Gluten-free sorghum a potential California crop
Increasing interest in gluten-free diets for humans may open new doors for the crop. Sorghum grain can be milled like wheat to produce a white flour for flat bread, cookies, pancakes and waffles. Whole sorghum grain may be added to soups, makes a dish similar to couscous, and can be popped like popcorn for snacking. The stems of sweet sorghum can be pressed, like sugarcane, to produce sorghum molasses or syrup.
UC expert believes sorghum can ease water concerns
As a Peace Corps volunteer in Niger, Africa, in the early 1980s, Jeff Dahlberg was intrigued by sorghum, a staple food being cultivated by the country’s vast population of poor subsistence farmers.
“I was impressed with the fact that sorghum was so drought tolerant,” Dahlberg said. “They used no irrigation at all.”
More than 30 years later, Dahlberg, the director of the UC Kearney Agricultural Research and Extension Center in Parlier, is still impressed with sorghum and believes it has potential to be a significant crop in California, where water is a serious concern.

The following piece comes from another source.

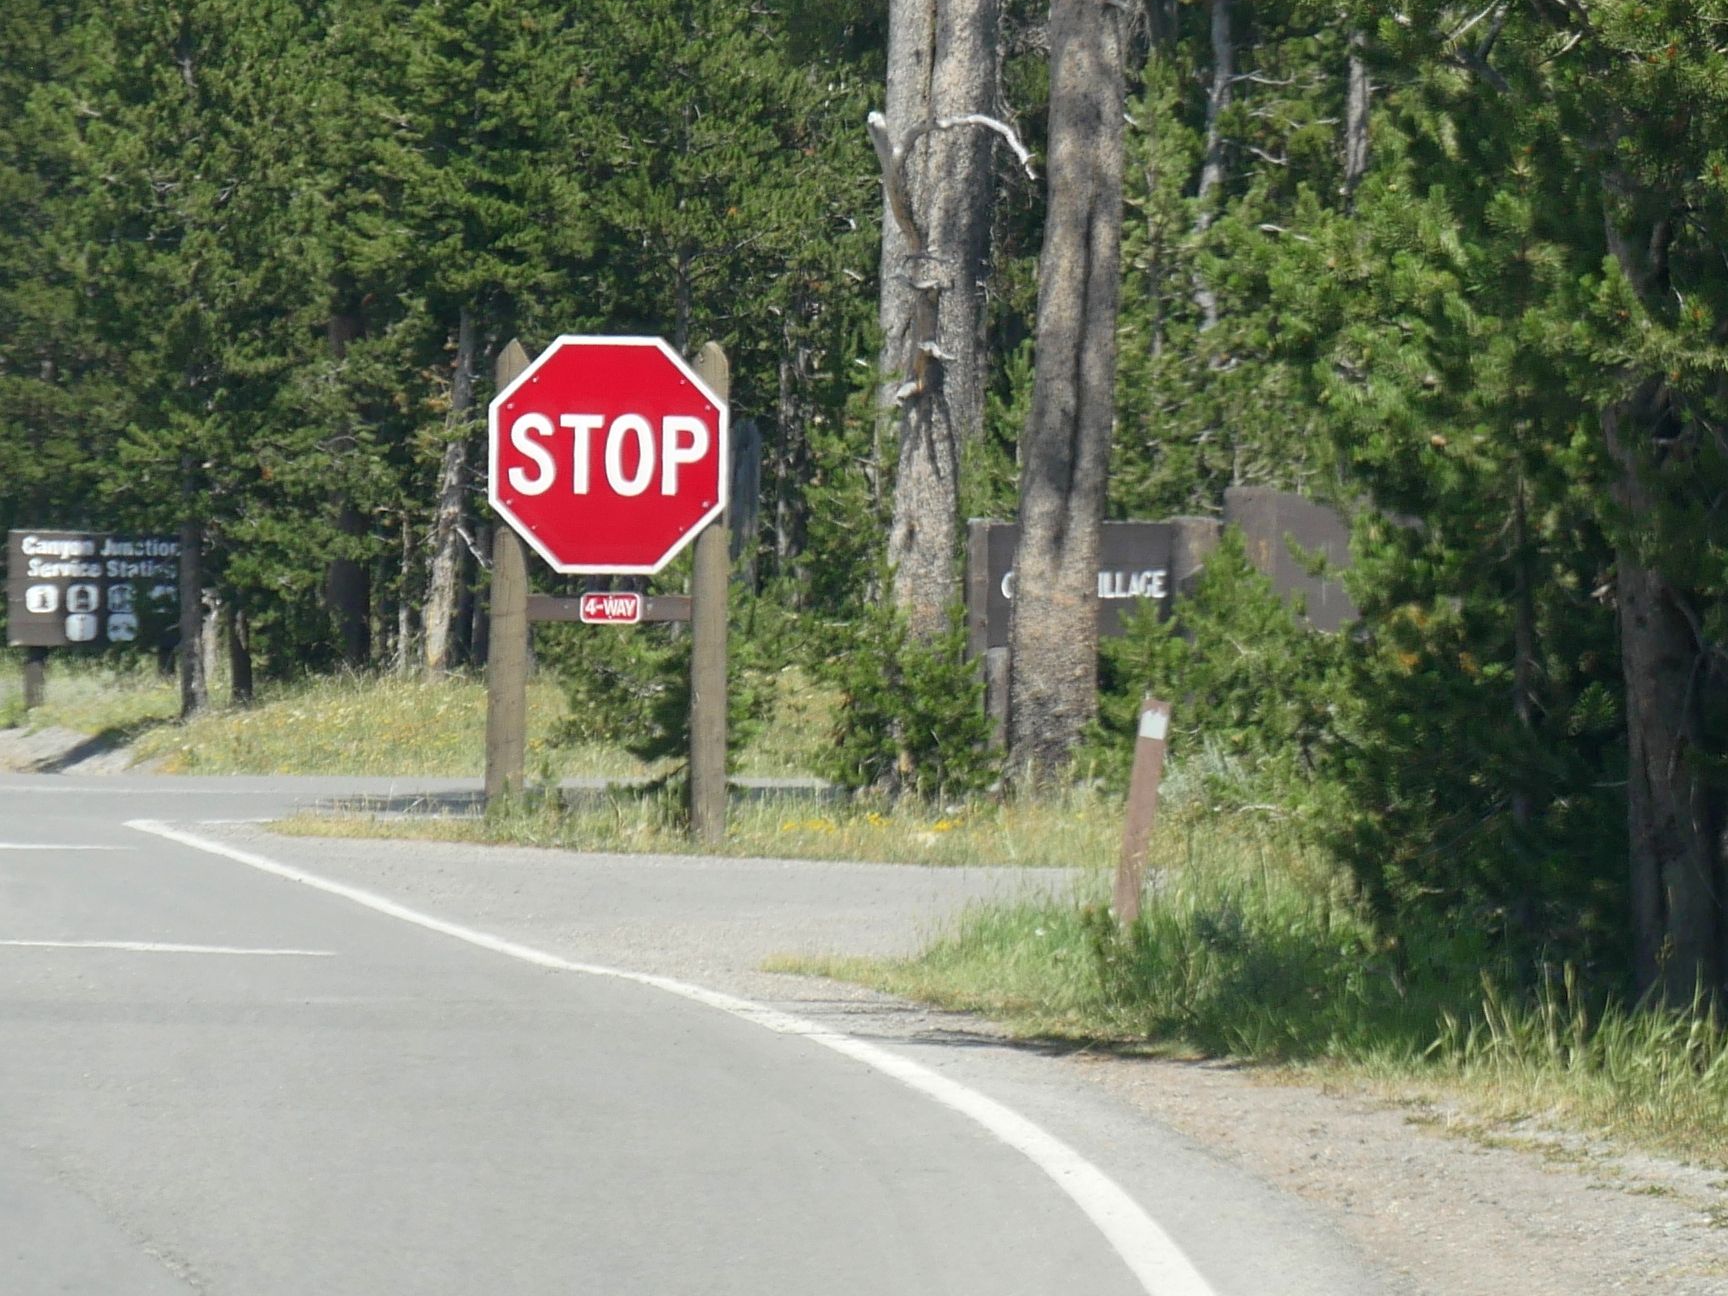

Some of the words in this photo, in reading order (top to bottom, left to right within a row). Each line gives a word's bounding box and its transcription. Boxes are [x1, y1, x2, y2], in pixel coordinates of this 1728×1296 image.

Dahlberg earned a bachelor's degree in biology at Occidental College before travling to Niger. In the central African country, Dahlberg served as an agricultural extension agent for the Peace Corps, where he worked iwth local farmers to assess the impact of rodents on traditional storage for grains. He and his colleagues learned earned was that the traditional storage methods were effective. Dahlberg’s primary method of outreach in Niger was demonstration plots. While living in West Africa, he traveled extensively, and experienced first-hand the role of millet and sorghum in feeding local populations.

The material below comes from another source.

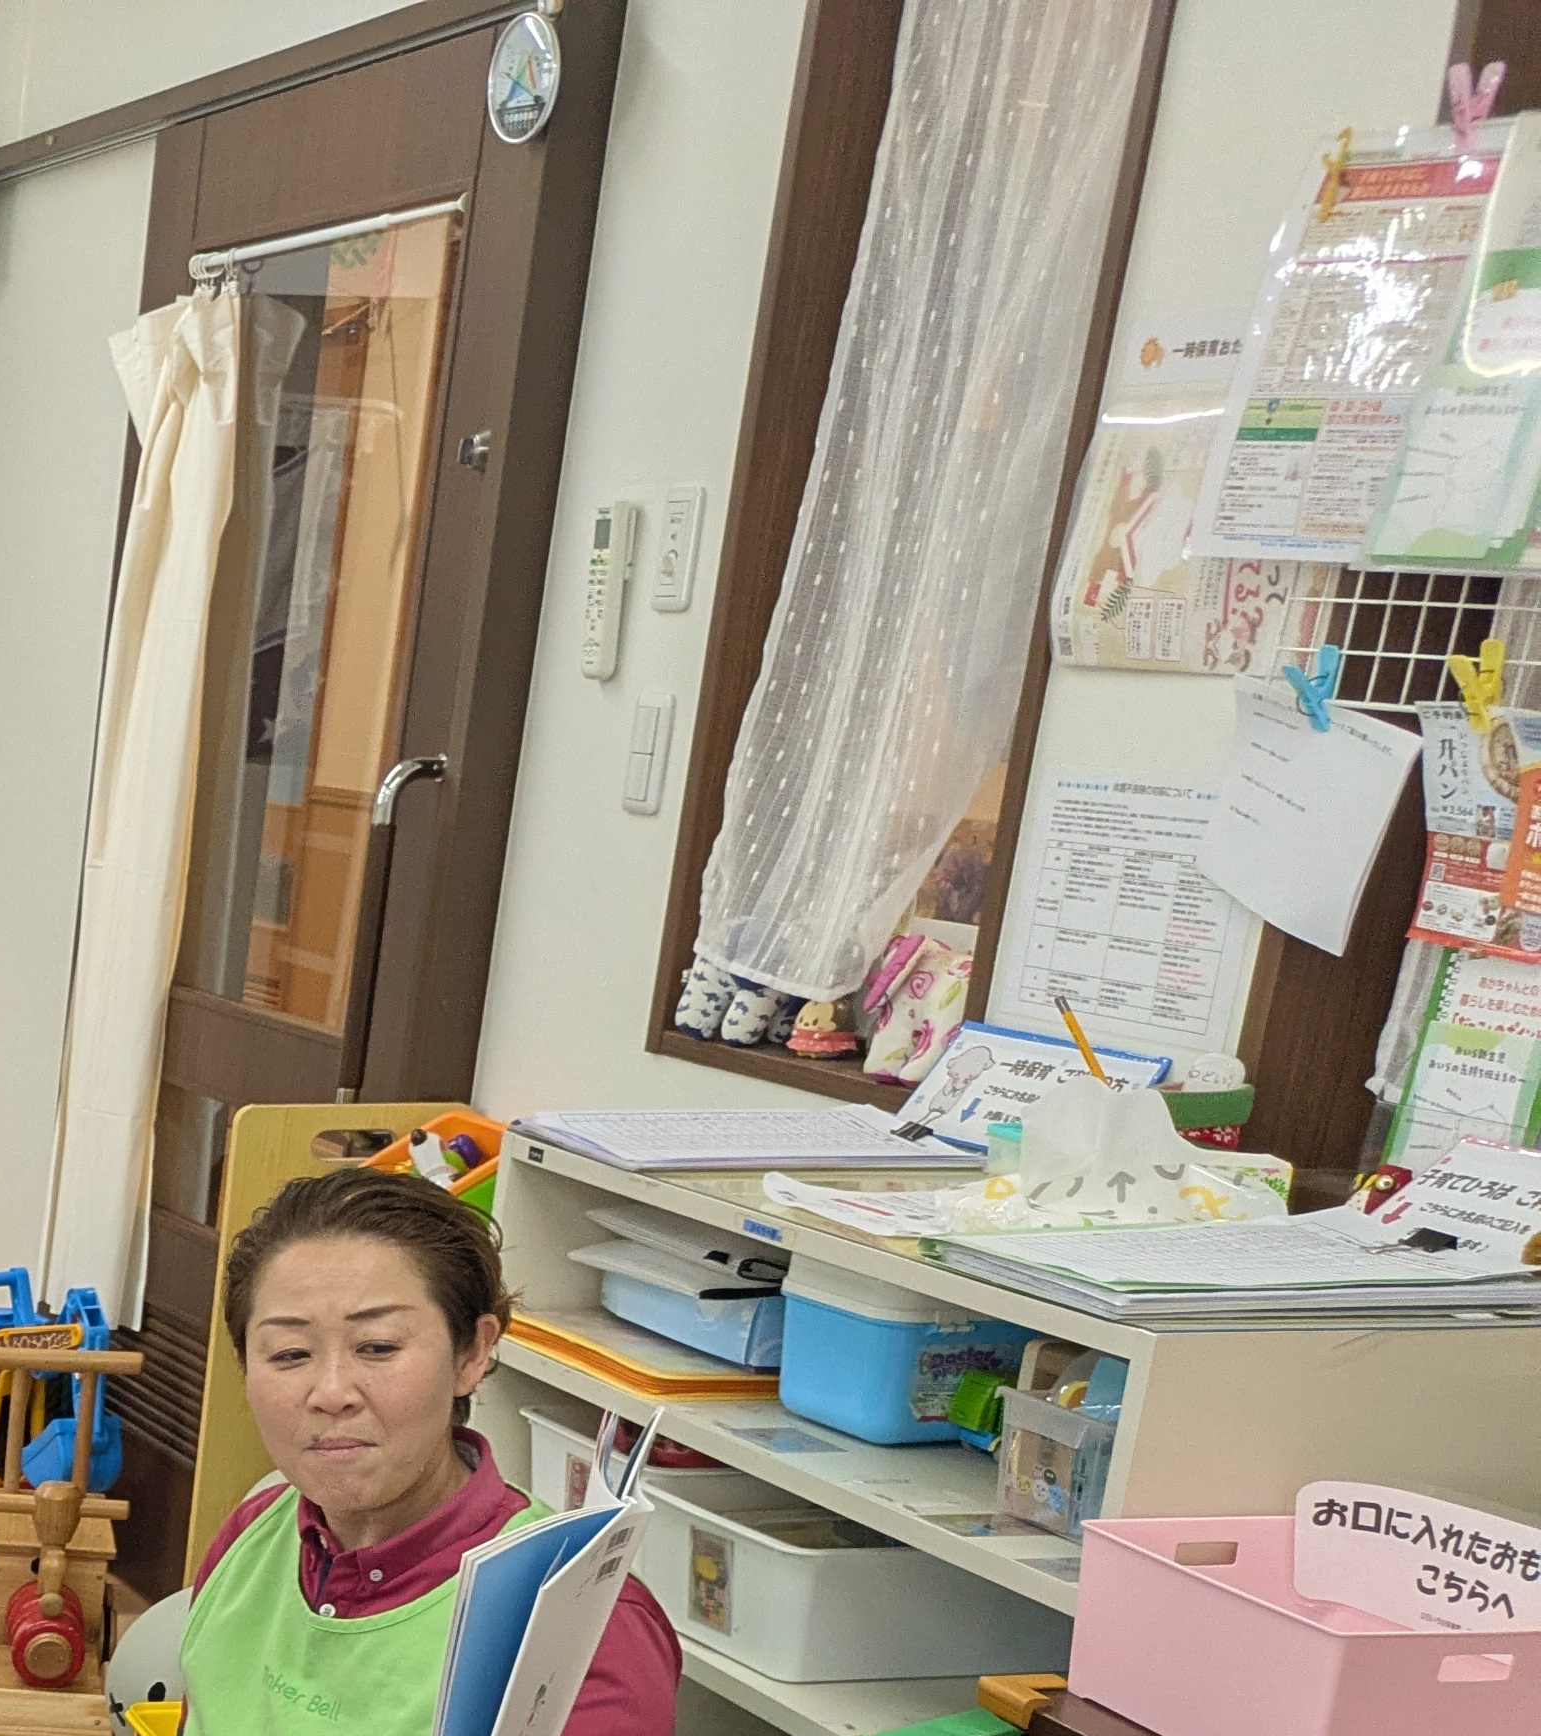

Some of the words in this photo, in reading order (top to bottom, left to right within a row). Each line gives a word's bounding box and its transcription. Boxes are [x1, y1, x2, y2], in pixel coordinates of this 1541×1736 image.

Studying sorghum varieties in California
The California sorghum research now underway at Kearney and the UC West Side Research and Extension Center is focused on hybrid forage and grain sorghum varieties. The results will also be applicable to varieties for human food and biofuel.
“We’re trying to understand whether or not the hybrids developed for the U.S. Sorghum Belt – Texas, Oklahoma, western Nebraska and South Dakota – are adapted to California conditions,” Dahlberg said. “So far, they are doing very well.”
The forage research will determine how to manage sorghum to maximize yield and reduce water and nitrogen use. Early results show that farmers can save a significant amount of water growing sorghum for dairy silage when compared with corn.
“We use less than 20 inches of irrigation water on our sorghum plots and getting 22 to 25 wet tons of material off a single crop. A corn crop will need 36 inches of water or more,” Dahlberg said.
The crop’s fertilizer needs are also quite low. In fact, too much fertilizer can cause the sorghum stalks to fall down, or lodge, which hinders harvest.
"When California farmers think about growing sorghum for gluten-free food, biofuel or animal feed, they will be able to access information generated by local research to help them make the decision," Dahlberg said.